Intelligenza artificiale, Commercio Elettronico, Smart City, Deep Learning, Clouds… sono tra le più diffuse metafore impiegate nel sistema tecnologico. Impalpabili, eteree, quasi spirituali. Come tutte le metafore un po’ illuminano, un po’ nascondono. Come nella lingua del marketing, sottolineano aspettative e oscurano realtà. È più la nebbia che la trasparenza. Se si scende dalla metafora per approssimare una definizione attendibile di ciascuna si precipita in un marasma semantico. Se dico tecnologie digitali, mi viene un’immagine che si smaterializza seduta stante.

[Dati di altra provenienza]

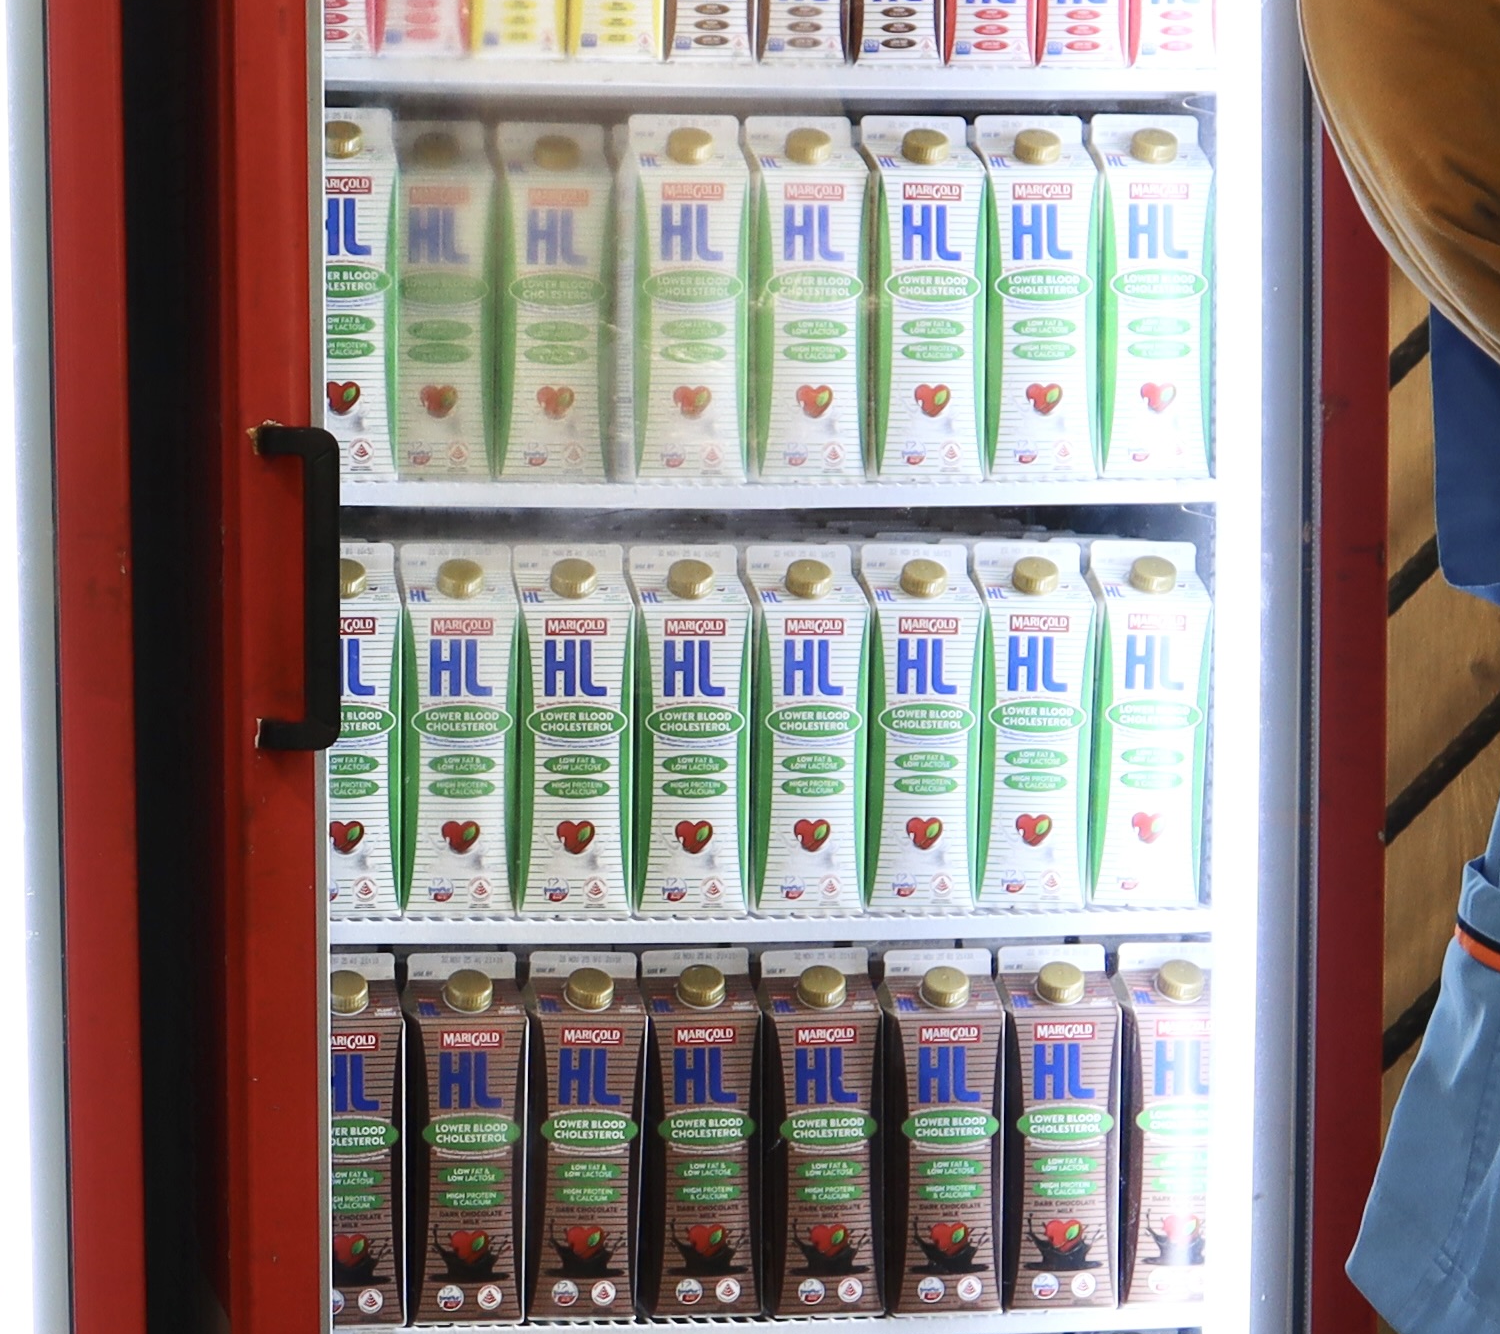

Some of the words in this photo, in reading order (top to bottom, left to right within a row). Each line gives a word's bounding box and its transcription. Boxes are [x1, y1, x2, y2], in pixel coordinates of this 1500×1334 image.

[904, 184, 960, 199] MARIGOLD
[1014, 184, 1071, 199] MARIGOLD
[782, 204, 846, 263] HL
[899, 202, 963, 263] HL
[1010, 202, 1074, 262] HL
[898, 275, 933, 286] LOWER
[934, 275, 969, 286] BLOOD
[898, 285, 969, 296] CHOLESTEROL
[548, 620, 606, 634] MARIGOLD
[667, 620, 724, 635] MARIGOLD
[428, 638, 494, 698] HL
[543, 638, 609, 698] HL
[662, 639, 727, 698] HL
[781, 637, 845, 698] HL
[893, 636, 958, 697] HL
[1005, 634, 1069, 694] HL
[540, 712, 577, 721] LOWER
[578, 712, 614, 721] BLOOD
[540, 721, 614, 732] CHOLESTEROL
[563, 1029, 621, 1044] MARIGOLD
[677, 1028, 734, 1043] MARIGOLD
[921, 1026, 979, 1042] MARIGOLD
[1036, 1024, 1093, 1039] MARIGOLD
[439, 1053, 501, 1108] HL
[559, 1048, 621, 1106] HL
[674, 1047, 737, 1104] HL
[795, 1047, 859, 1105] HL
[917, 1045, 982, 1104] HL
[1031, 1041, 1097, 1101] HL
[553, 1119, 590, 1129] LOWER
[591, 1119, 626, 1129] BLOOD
[554, 1130, 625, 1140] CHOLESTEROL
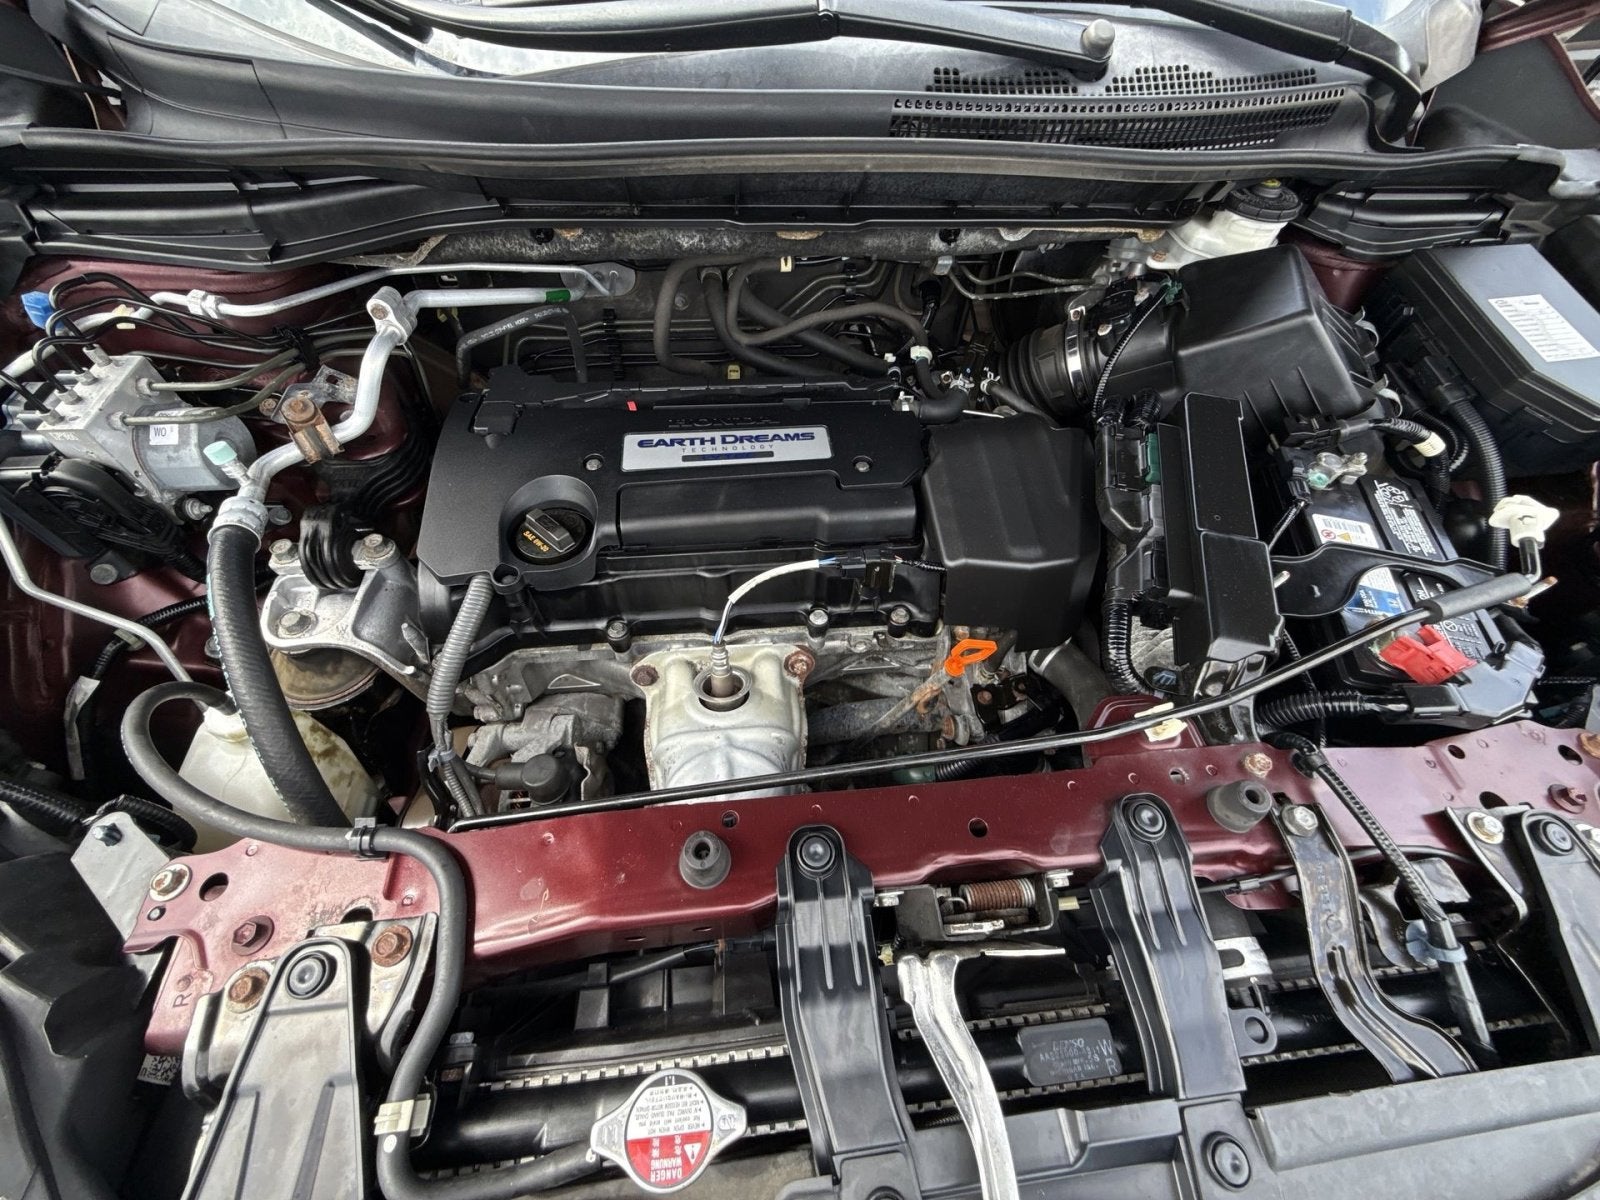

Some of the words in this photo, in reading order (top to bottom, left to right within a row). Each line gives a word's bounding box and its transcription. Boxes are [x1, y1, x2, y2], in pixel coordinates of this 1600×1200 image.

Un mondo virtuale mi appare alla mente, non il potenziale, il possibile, da secoli suggerito dal greco Aristotele, ma l’incorporeo, l’immateriale, ciò che è sconnesso dalla materia (bruta).

Contribuiscono alla dematerializzazione almeno due processi:

1] la miniaturizzazione incalzante dei dispositivi ha cambiato la nostra percezione in modo tale che la materialità o, se vogliamo, la fisicità, è diventa spettrale e i suoi rapporti col potere si sono eclissati. Questo lo sosteneva già trent’anni fa Donna Haraway [pag. 153].

2] mentre noi siamo sempre più tracciati, osservati, analizzati, resi visibili, visitabili e mercanteggiabili, si va esponenzialmente oscurando la tangibile durezza della nascita, vita e morte dei congegni digitali, degli apparati e delle reti.

È un’operazione quasi magica, meraviglia numinosa, che avvicina la tecnica alla religione o, almeno, al vangelo del nostro tempo.

 

Si può rendere riconoscibile il complesso industrial-digitale in cui siamo immersi?

Materie prime e seconde, forza lavoro (corpi, esistenze), produzione, conflitti, politica, economia.

Nelle righe che seguono, qualche spiraglio.

Dalla Terra

Una cosa buona | è che la roccia | può accucciarsi nel palmo | della mano, e sentire | i segni precari | dell’incisione nettissima, |
taglio, abisso, o quel che | costò anche alla roccia la sua | esistenza, come massa, anelante | concentrazione
Douglas Messerli, 1998 [trad. Federica Santini]

È un ciclo dalle molte ramificazioni.

La tecnologia in genere e quella digitale in modo speciale – Internet e web – praticano una dieta onnivora. Si nutrono di molti tipi di minerali, faticano a farsi bastare la tavola periodica degli elementi.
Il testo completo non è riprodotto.